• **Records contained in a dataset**
# # # #

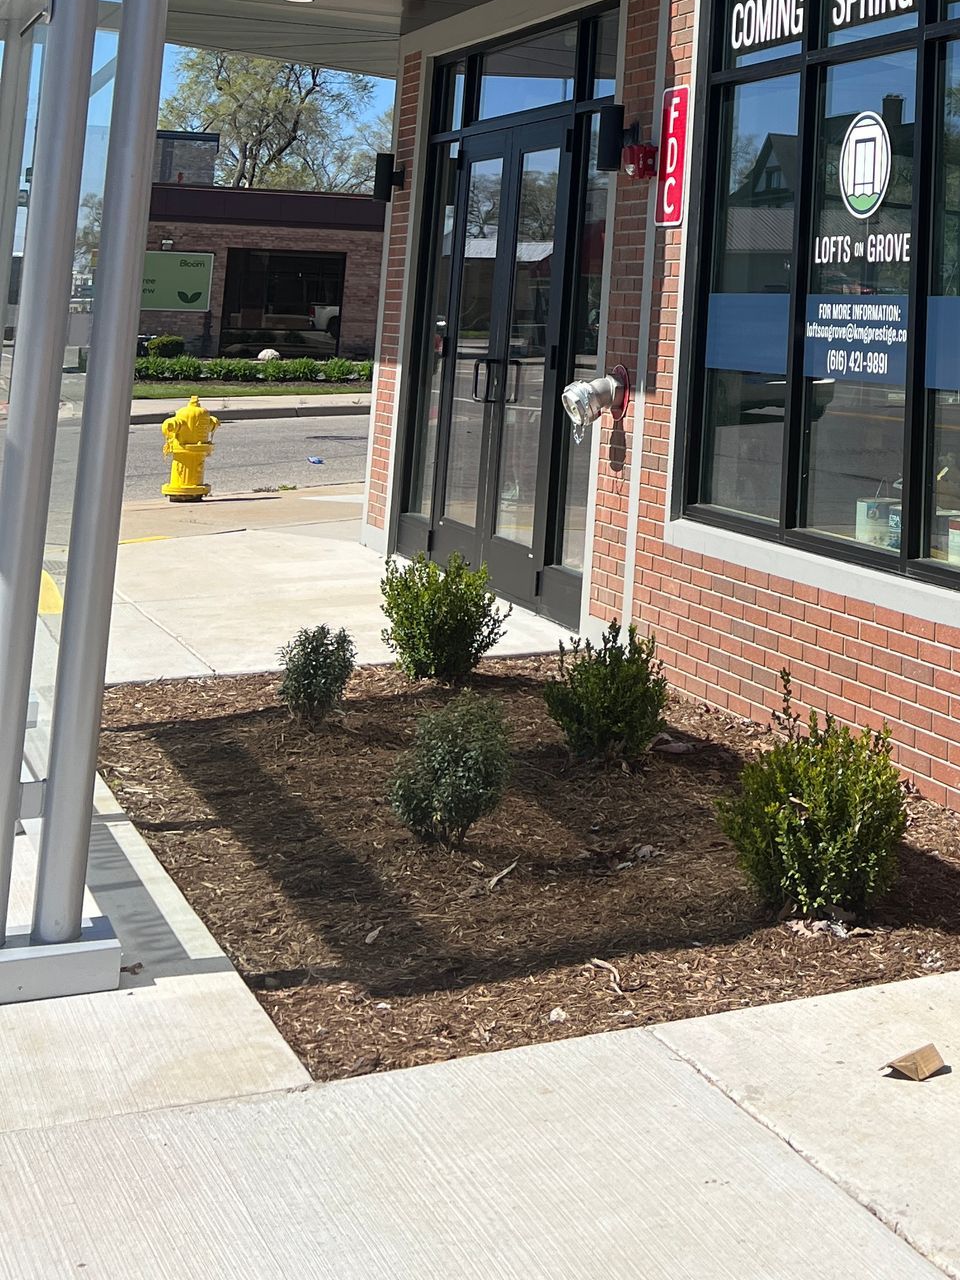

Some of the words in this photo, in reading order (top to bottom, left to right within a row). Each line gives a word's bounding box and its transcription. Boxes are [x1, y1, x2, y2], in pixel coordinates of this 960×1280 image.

[663, 96, 681, 215] FDC
[814, 235, 851, 264] LOFTS
[854, 241, 865, 257] ON
[867, 233, 911, 263] GROVE
[818, 303, 832, 319] FOR
[832, 304, 852, 320] MORE
[852, 304, 902, 322] INFORMATION:
[806, 322, 908, 345] loftsongrove@kmgprestige.co
[827, 349, 848, 375] (616)
[849, 351, 888, 375] 421-9891

# # # #

• **ASSIGNMENT**
What is needed is every record above printed exactly, with no pictures.

• **RESPONSE**
Some of the words in this photo, in reading order (top to bottom, left to right within a row). Each line gives a word's bounding box and its transcription. Boxes are [x1, y1, x2, y2], in pixel coordinates of this 960×1280 image.

[663, 96, 681, 215] FDC
[814, 235, 851, 264] LOFTS
[854, 241, 865, 257] ON
[867, 233, 911, 263] GROVE
[818, 303, 832, 319] FOR
[832, 304, 852, 320] MORE
[852, 304, 902, 322] INFORMATION:
[806, 322, 908, 345] loftsongrove@kmgprestige.co
[827, 349, 848, 375] (616)
[849, 351, 888, 375] 421-9891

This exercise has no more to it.